Aunque la quinua peruana alcanzó reconocimiento internacional durante la última década, productores y especialistas del sector ahora intentan fortalecer el consumo interno del grano dentro del mercado nacional. Diversas campañas buscan posicionar la quinua no solo como un producto de exportación, sino también como parte habitual de la alimentación cotidiana.

Empresas alimenticias comenzaron a lanzar productos derivados como snacks, bebidas y harinas orientadas especialmente a consumidores urbanos. La idea es modernizar la imagen de un alimento históricamente asociado a comunidades andinas y mercados tradicionales.

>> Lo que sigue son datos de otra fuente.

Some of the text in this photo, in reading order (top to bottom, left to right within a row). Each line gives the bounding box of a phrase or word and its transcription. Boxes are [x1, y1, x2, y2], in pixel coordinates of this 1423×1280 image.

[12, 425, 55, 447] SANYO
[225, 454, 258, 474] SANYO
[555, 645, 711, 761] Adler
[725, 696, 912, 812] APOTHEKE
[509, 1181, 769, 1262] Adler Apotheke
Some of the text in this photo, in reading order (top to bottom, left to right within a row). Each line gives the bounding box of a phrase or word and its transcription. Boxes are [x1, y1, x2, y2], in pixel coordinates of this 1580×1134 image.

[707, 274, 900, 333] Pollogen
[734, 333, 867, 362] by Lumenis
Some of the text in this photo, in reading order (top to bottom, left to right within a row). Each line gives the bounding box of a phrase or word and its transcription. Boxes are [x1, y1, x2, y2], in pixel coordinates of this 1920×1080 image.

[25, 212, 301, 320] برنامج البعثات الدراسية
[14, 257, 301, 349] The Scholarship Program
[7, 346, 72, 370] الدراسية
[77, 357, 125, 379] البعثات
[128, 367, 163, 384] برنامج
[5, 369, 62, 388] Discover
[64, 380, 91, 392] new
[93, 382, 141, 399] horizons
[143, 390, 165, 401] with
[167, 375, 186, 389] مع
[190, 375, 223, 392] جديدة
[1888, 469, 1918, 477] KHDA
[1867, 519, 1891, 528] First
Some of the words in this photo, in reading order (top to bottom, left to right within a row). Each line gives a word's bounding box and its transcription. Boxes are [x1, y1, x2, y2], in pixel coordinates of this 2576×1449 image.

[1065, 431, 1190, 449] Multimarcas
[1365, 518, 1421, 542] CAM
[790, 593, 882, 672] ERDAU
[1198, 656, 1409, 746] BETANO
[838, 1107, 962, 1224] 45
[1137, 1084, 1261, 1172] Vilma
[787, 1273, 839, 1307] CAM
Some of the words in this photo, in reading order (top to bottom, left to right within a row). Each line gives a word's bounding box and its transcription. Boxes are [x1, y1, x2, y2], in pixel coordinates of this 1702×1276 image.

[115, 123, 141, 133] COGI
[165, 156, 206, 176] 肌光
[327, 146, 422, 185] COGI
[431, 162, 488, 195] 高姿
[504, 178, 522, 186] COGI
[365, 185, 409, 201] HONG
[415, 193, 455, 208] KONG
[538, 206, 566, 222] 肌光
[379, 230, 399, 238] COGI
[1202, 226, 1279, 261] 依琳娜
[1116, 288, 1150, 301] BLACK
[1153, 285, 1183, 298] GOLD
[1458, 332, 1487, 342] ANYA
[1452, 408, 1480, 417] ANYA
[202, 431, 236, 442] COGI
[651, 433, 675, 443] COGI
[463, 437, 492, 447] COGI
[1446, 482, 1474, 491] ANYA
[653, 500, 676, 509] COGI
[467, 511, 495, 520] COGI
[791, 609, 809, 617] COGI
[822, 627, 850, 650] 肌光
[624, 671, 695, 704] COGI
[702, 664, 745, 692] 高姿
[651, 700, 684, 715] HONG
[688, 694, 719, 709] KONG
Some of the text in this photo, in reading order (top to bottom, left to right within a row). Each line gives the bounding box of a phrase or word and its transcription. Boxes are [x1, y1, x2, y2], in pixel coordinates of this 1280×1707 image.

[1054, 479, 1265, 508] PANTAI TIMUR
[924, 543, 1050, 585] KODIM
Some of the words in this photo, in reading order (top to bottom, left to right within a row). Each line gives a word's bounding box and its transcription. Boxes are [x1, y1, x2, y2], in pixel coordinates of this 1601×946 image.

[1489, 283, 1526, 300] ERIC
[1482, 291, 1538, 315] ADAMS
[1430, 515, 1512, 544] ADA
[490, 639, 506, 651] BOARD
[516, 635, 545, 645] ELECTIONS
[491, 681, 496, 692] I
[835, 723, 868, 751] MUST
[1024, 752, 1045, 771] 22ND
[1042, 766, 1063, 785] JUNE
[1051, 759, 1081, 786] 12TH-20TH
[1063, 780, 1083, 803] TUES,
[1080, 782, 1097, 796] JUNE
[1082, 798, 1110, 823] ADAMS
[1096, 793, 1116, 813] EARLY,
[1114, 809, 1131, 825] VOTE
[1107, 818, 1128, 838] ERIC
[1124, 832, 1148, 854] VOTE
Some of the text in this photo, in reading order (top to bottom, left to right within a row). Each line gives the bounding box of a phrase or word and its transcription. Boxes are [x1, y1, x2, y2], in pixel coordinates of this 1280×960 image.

Nutricionistas destacan que la quinua posee alto valor proteico y beneficios nutricionales importantes, especialmente en contextos donde crece el interés por dietas saludables y alimentos funcionales. Esto favorece su incorporación en restaurantes y cadenas de comida saludable.

Sin embargo, productores advierten que los precios internacionales siguen afectando la estabilidad del mercado local. Cuando aumenta la demanda externa, el consumo nacional puede verse limitado por incrementos de precios.

Especialistas consideran que el desafío será equilibrar exportación y acceso interno, promoviendo cadenas productivas sostenibles que beneficien tanto a agricultores como a consumidores peruanos.